The first of the two grounds which appear to us to be substantial is concerned with the learned judge's charge to the jury, but before discussing the questions which arise in relation to it it is desirable to refer in a general way to the nature of the charge and the circumstances in which the offence was alleged to have been committed.

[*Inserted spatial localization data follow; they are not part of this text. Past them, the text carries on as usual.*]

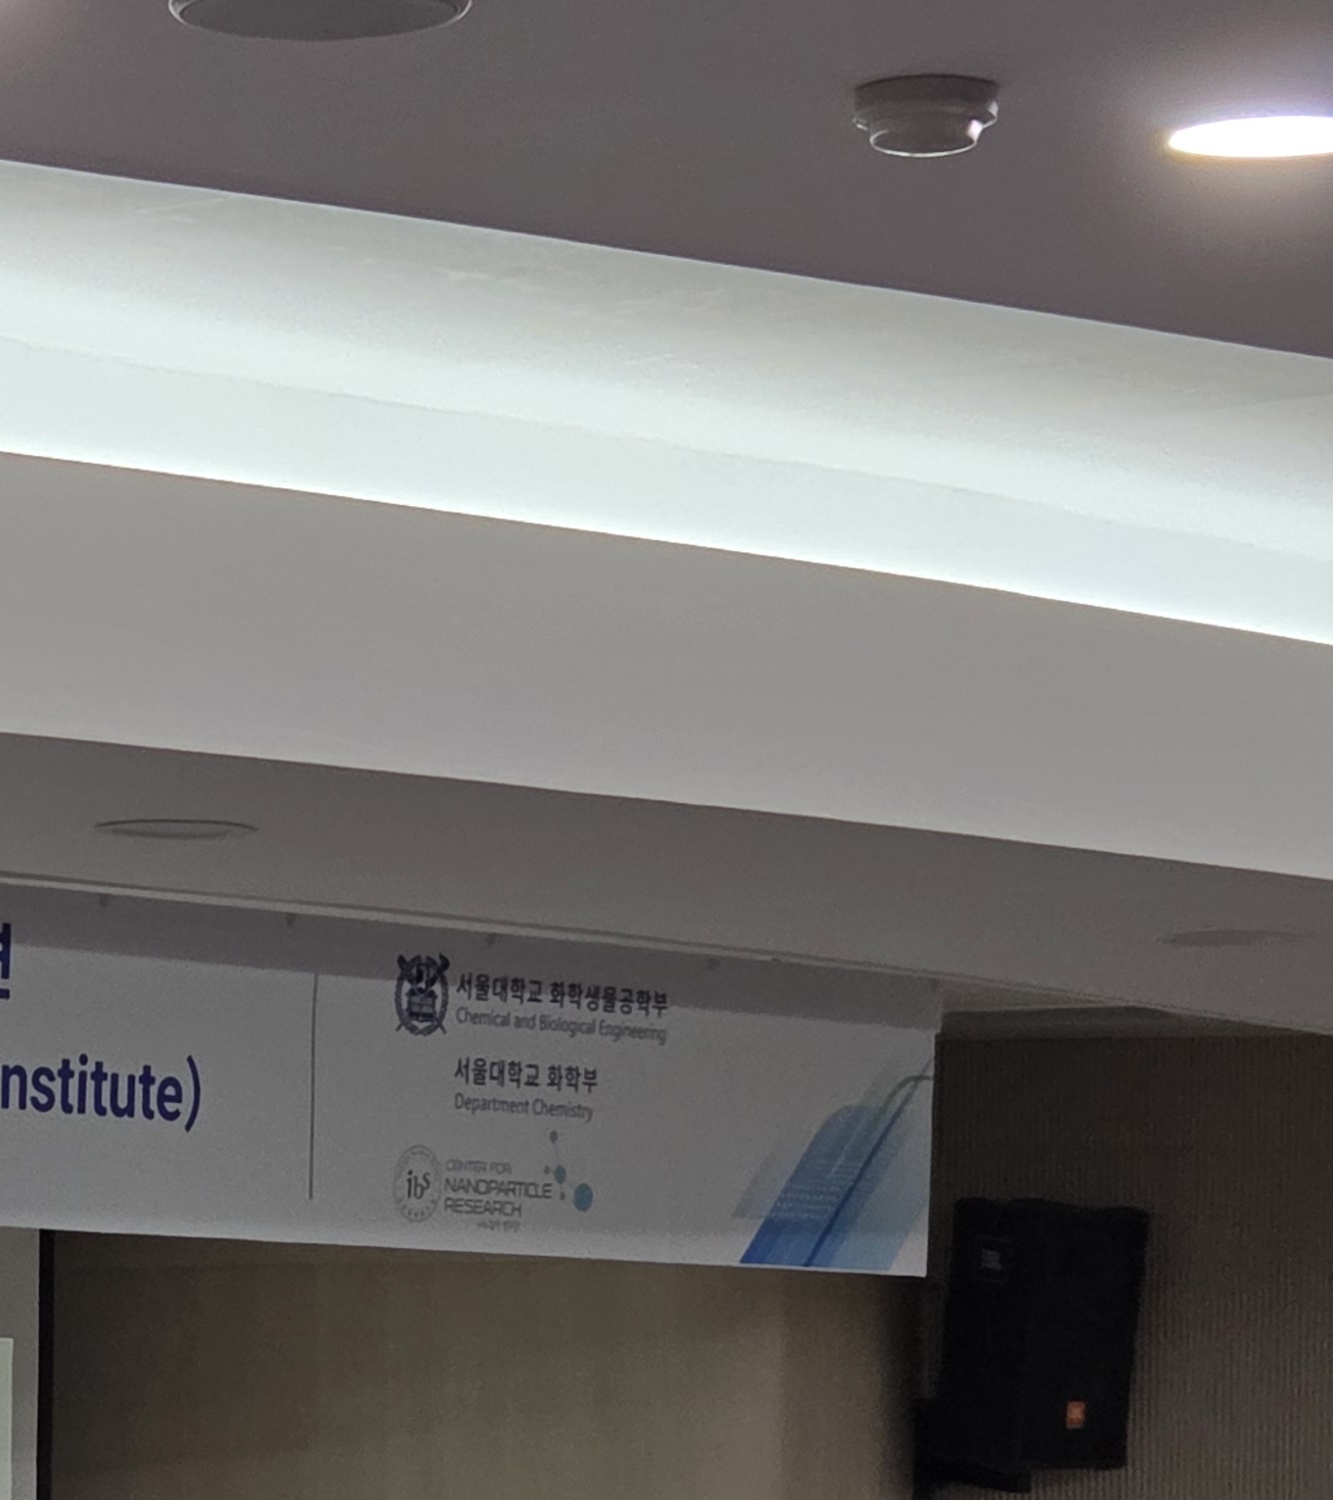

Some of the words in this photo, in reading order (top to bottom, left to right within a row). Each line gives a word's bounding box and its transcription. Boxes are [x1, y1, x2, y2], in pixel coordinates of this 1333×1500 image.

[456, 972, 542, 1006] 서울대학교
[549, 980, 668, 1018] 화학생물공학부
[454, 1056, 540, 1089] 서울대학교
[546, 1064, 598, 1094] 화학부
[454, 1092, 530, 1115] Department
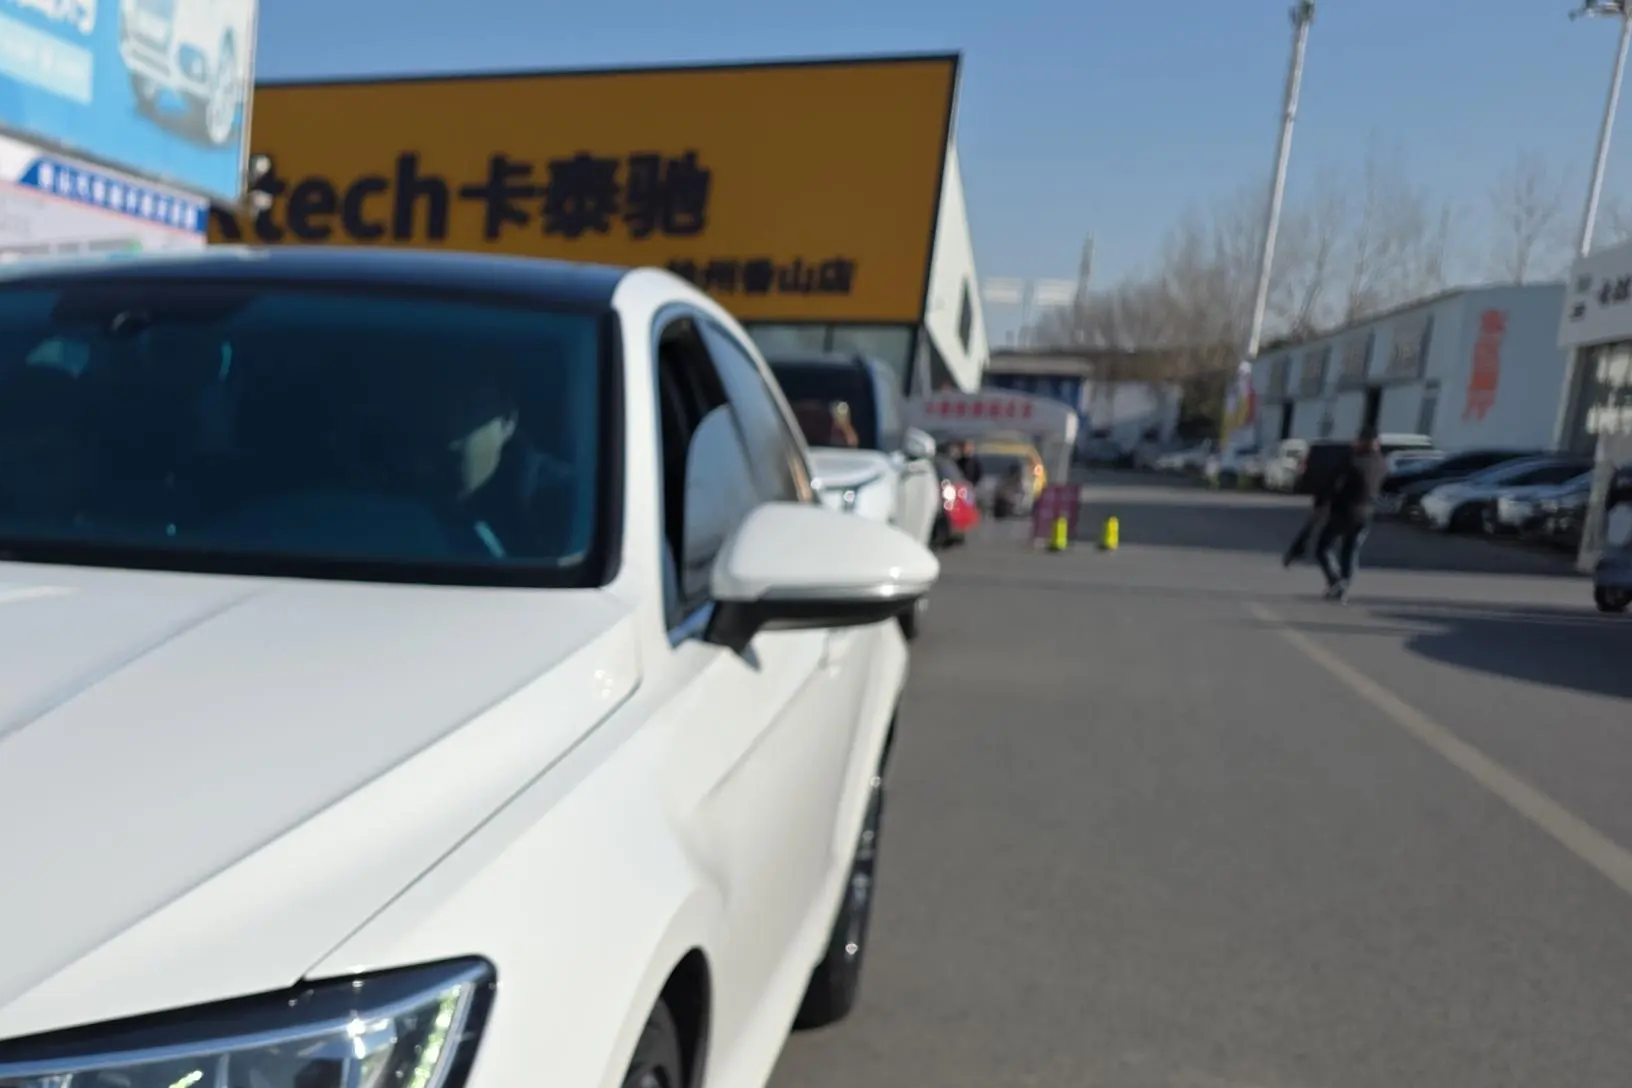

The appellant was indicted under Section 347 of the Criminal Code of Queensland (as adopted and in force in the Territory). This section provides that: "Any person who has carnal knowledge of a woman, or girl, not his wife, without her consent, or with her consent, if the consent is obtained by force, or by means of threats or intimidation of any kind, or by fear of bodily harm, or by means of false and fraudulent representations as to the nature of the act, or, in the case of a married woman, by personating her husband, is guilty of a crime, which is called rape".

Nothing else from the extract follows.